DIRECTIONS: Every record gets copied exactly, and no picture goes with it.

DATA UNDER STUDY:
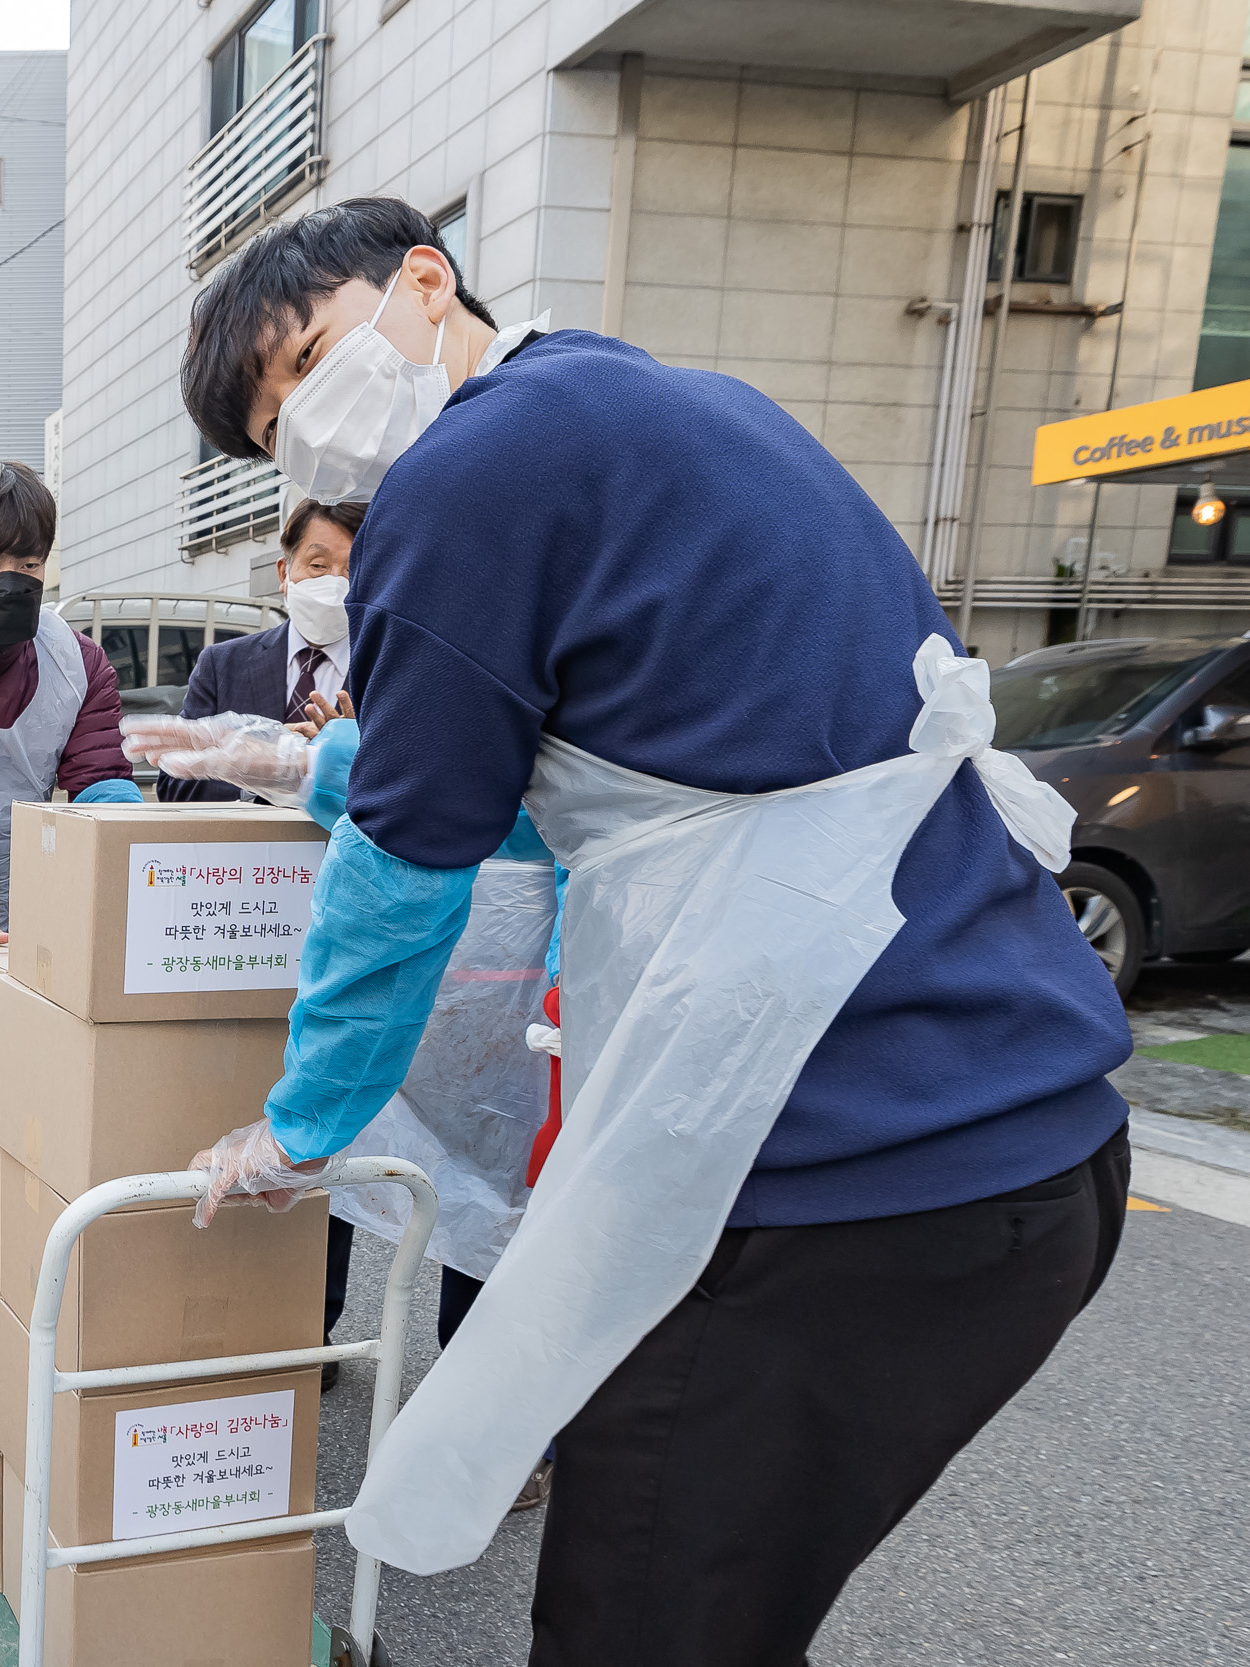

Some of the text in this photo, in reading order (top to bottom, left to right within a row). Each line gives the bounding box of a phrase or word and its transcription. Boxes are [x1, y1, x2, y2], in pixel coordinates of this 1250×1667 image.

[1073, 434, 1155, 466] Coffee
[1160, 426, 1182, 449] &
[252, 866, 316, 884] 김장나눔
[191, 900, 279, 917] 맛있게 드시고
[165, 922, 302, 941] 따뜻한 겨울보내세요~
[161, 953, 288, 973] 광장동새마을부녀회
[227, 1413, 288, 1434] 김장나눔」
[171, 1446, 252, 1469] 맛있게 드시고
[148, 1463, 274, 1490] 따뜻한 겨울보내세요~
[145, 1489, 261, 1519] 광장동새마을부녀회
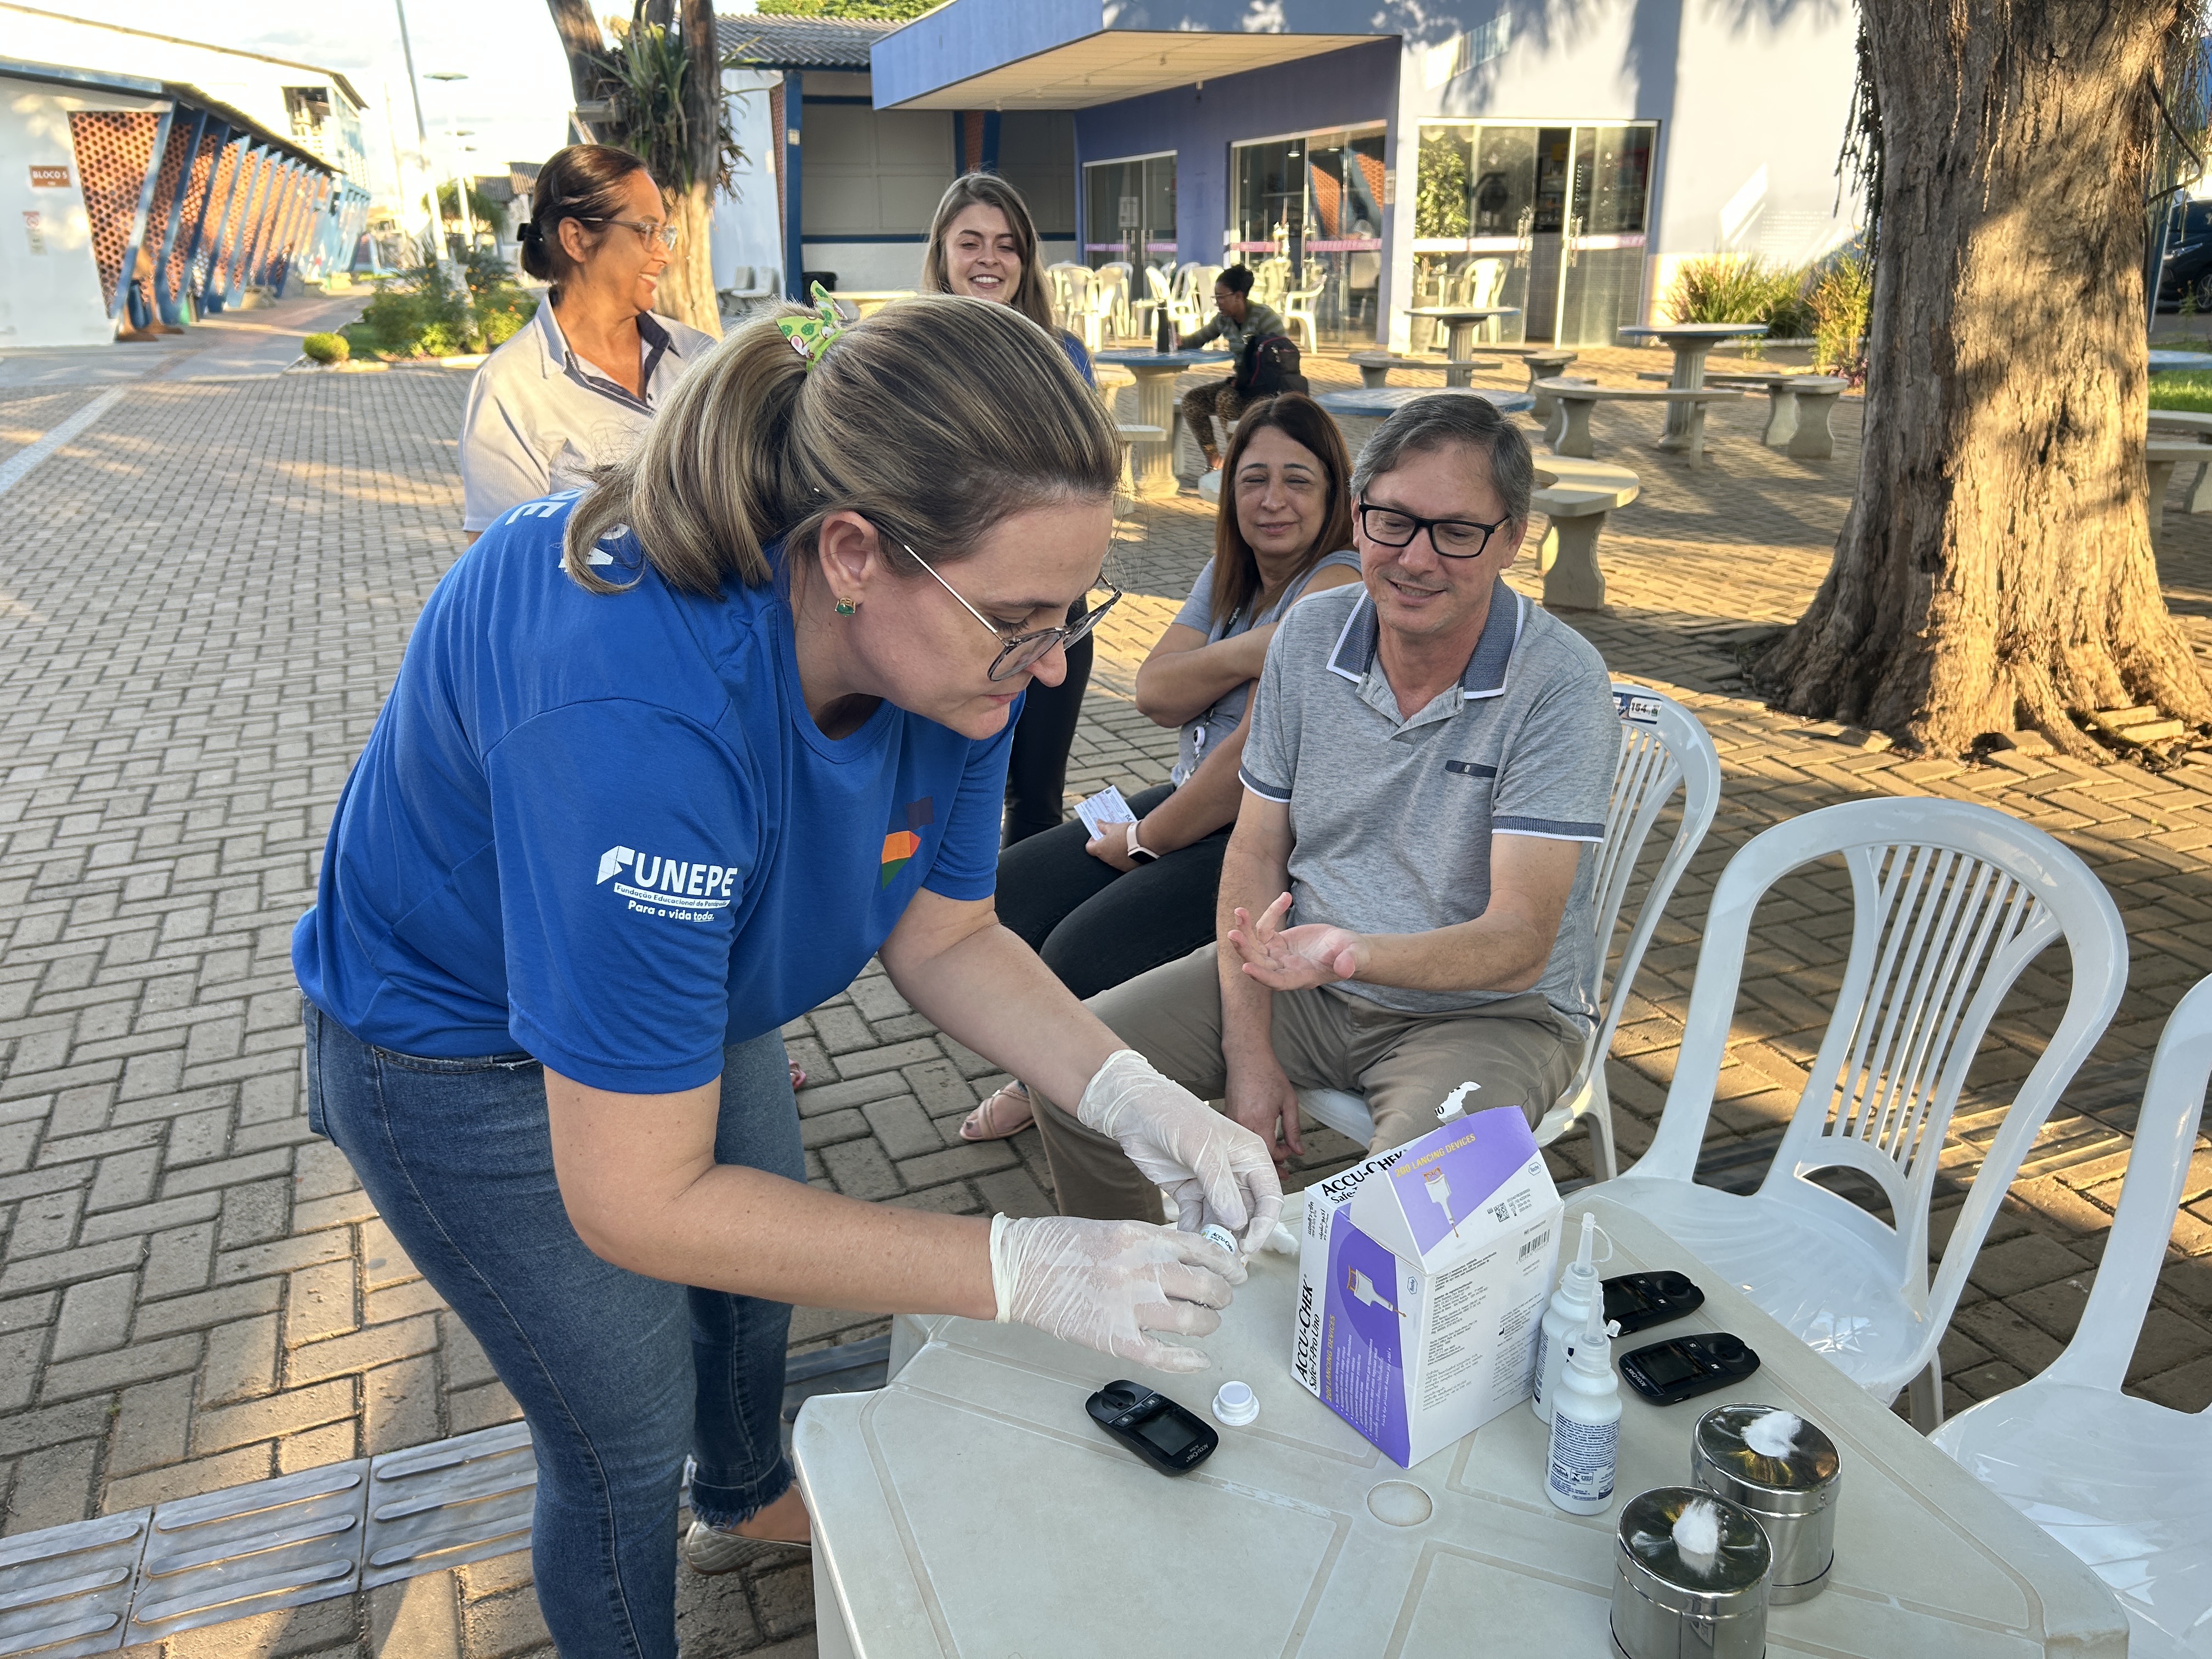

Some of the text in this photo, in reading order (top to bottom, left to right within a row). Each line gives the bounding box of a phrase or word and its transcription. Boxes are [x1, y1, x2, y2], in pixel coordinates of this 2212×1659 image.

RESPONSE:
Some of the text in this photo, in reading order (top to bottom, left to right within a row). Each line gives the bounding box of a phrase or word and its transcription. Boxes are [x1, y1, x2, y2], in pixel coordinates of this 1250×1667 image.

[1073, 434, 1155, 466] Coffee
[1160, 426, 1182, 449] &
[252, 866, 316, 884] 김장나눔
[191, 900, 279, 917] 맛있게 드시고
[165, 922, 302, 941] 따뜻한 겨울보내세요~
[161, 953, 288, 973] 광장동새마을부녀회
[227, 1413, 288, 1434] 김장나눔」
[171, 1446, 252, 1469] 맛있게 드시고
[148, 1463, 274, 1490] 따뜻한 겨울보내세요~
[145, 1489, 261, 1519] 광장동새마을부녀회

Some of the text in this photo, in reading order (top to bottom, left to right within a row). Each line gives the bounding box of a phrase or word and its transcription. Boxes are [x1, y1, x2, y2], in pixel coordinates of this 2212×1659 image.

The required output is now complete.